__Aim of the task__.
Give back, unchanged, the lines from the one containing "this 1452×1290 image." to the end of the listing, inclusive of both.

__Source information__.
************

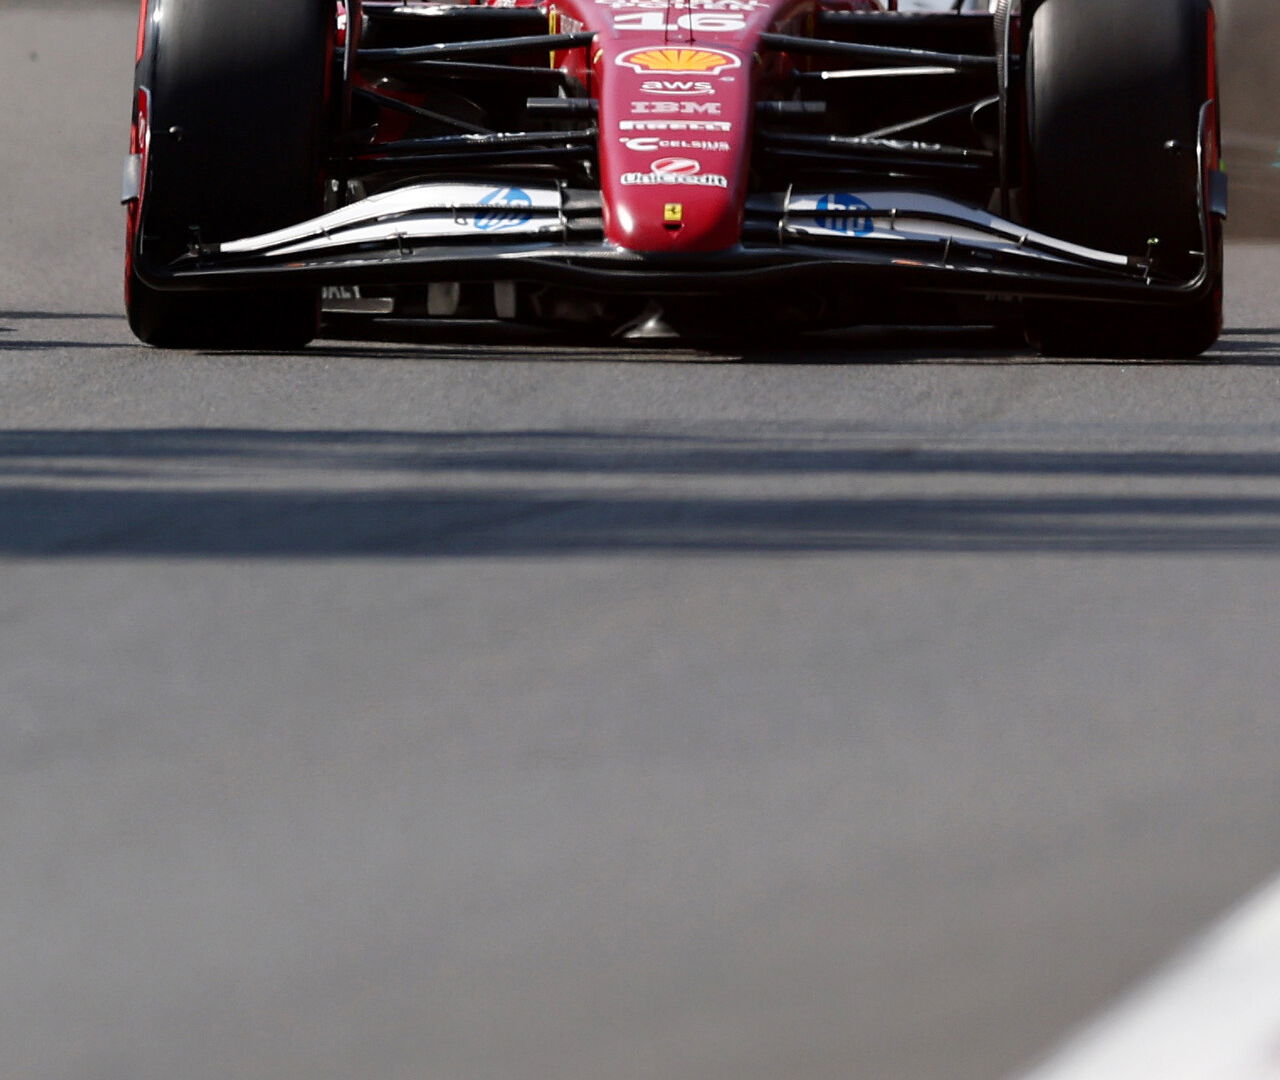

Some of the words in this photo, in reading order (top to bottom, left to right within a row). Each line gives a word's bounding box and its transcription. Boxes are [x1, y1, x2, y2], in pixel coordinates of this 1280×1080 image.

[614, 12, 747, 32] 16
[641, 81, 713, 91] aws
[631, 101, 721, 114] IBM
[622, 173, 726, 186] UniCredit
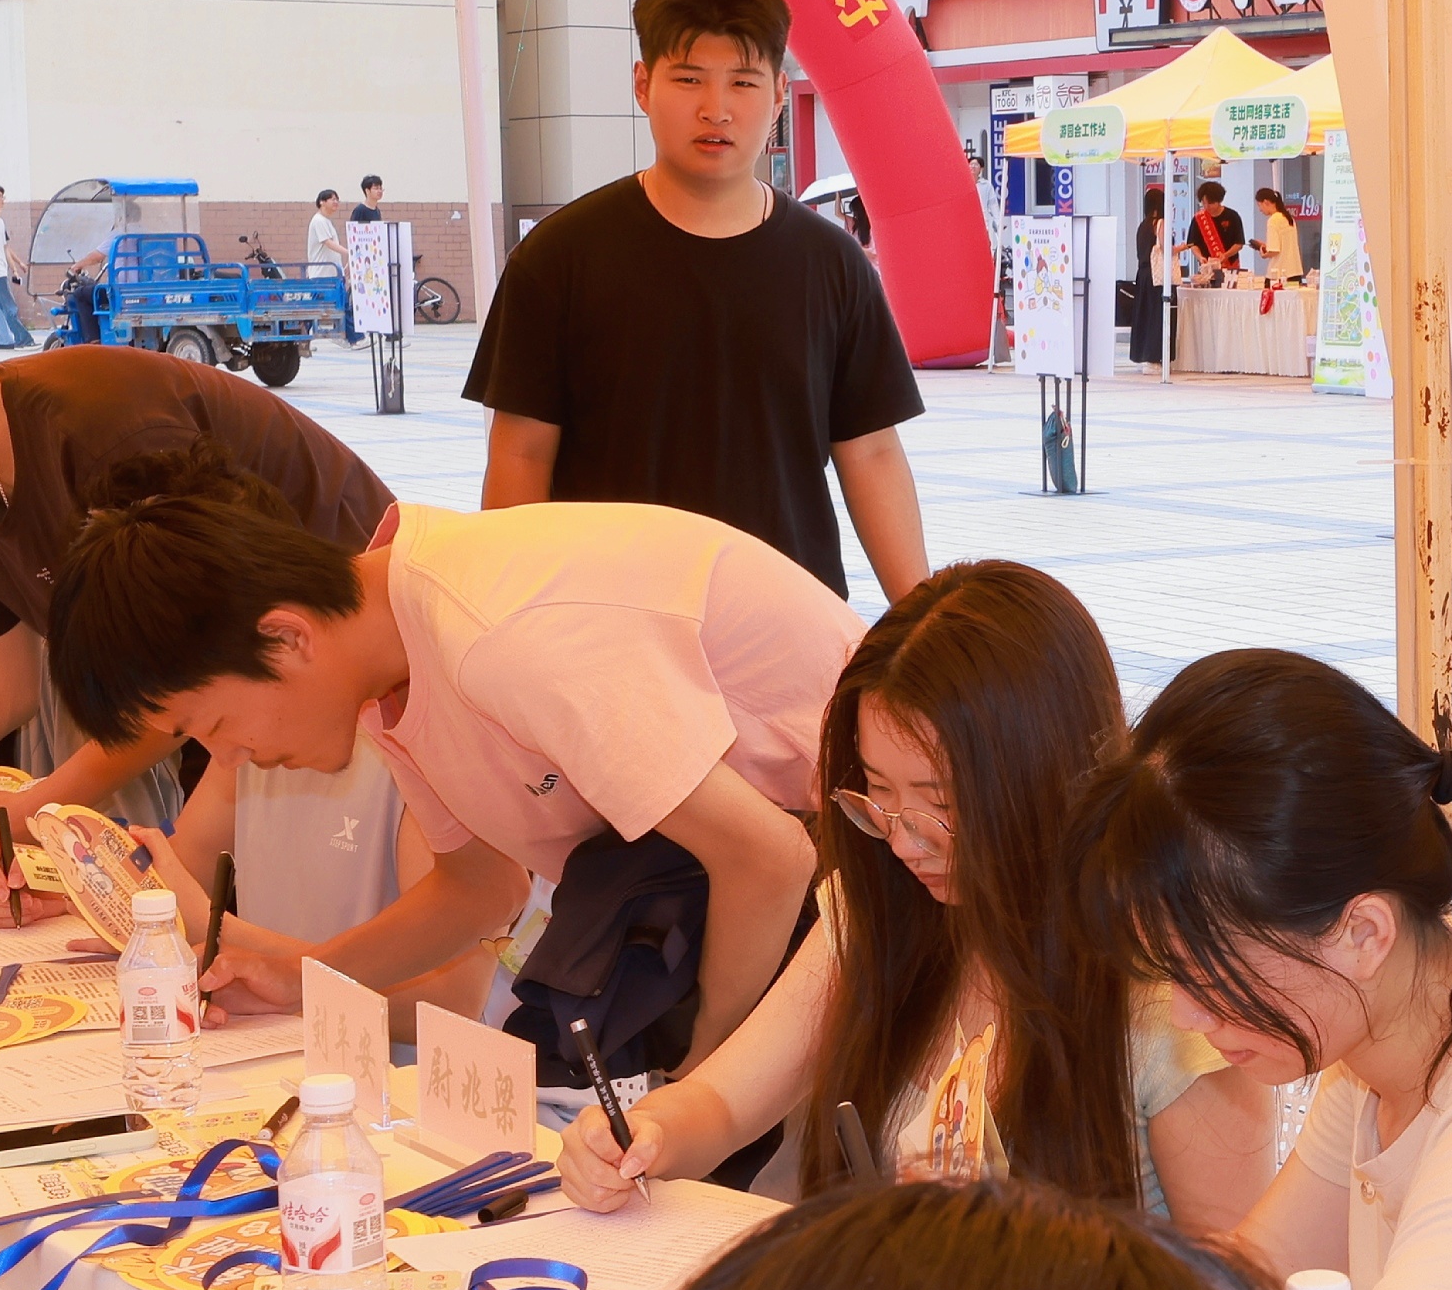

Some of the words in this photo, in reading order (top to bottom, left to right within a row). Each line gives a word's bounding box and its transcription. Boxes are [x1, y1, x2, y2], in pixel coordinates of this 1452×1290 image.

[1059, 122, 1107, 139] 游园会工作站
[1232, 123, 1287, 141] 户外游园活动
[282, 1201, 328, 1224] 娃哈哈

************

__Problem solution__.
Some of the words in this photo, in reading order (top to bottom, left to right within a row). Each line gives a word's bounding box and its transcription. Boxes are [x1, y1, x2, y2], in pixel coordinates of this 1452×1290 image.

[1059, 122, 1107, 139] 游园会工作站
[1232, 123, 1287, 141] 户外游园活动
[282, 1201, 328, 1224] 娃哈哈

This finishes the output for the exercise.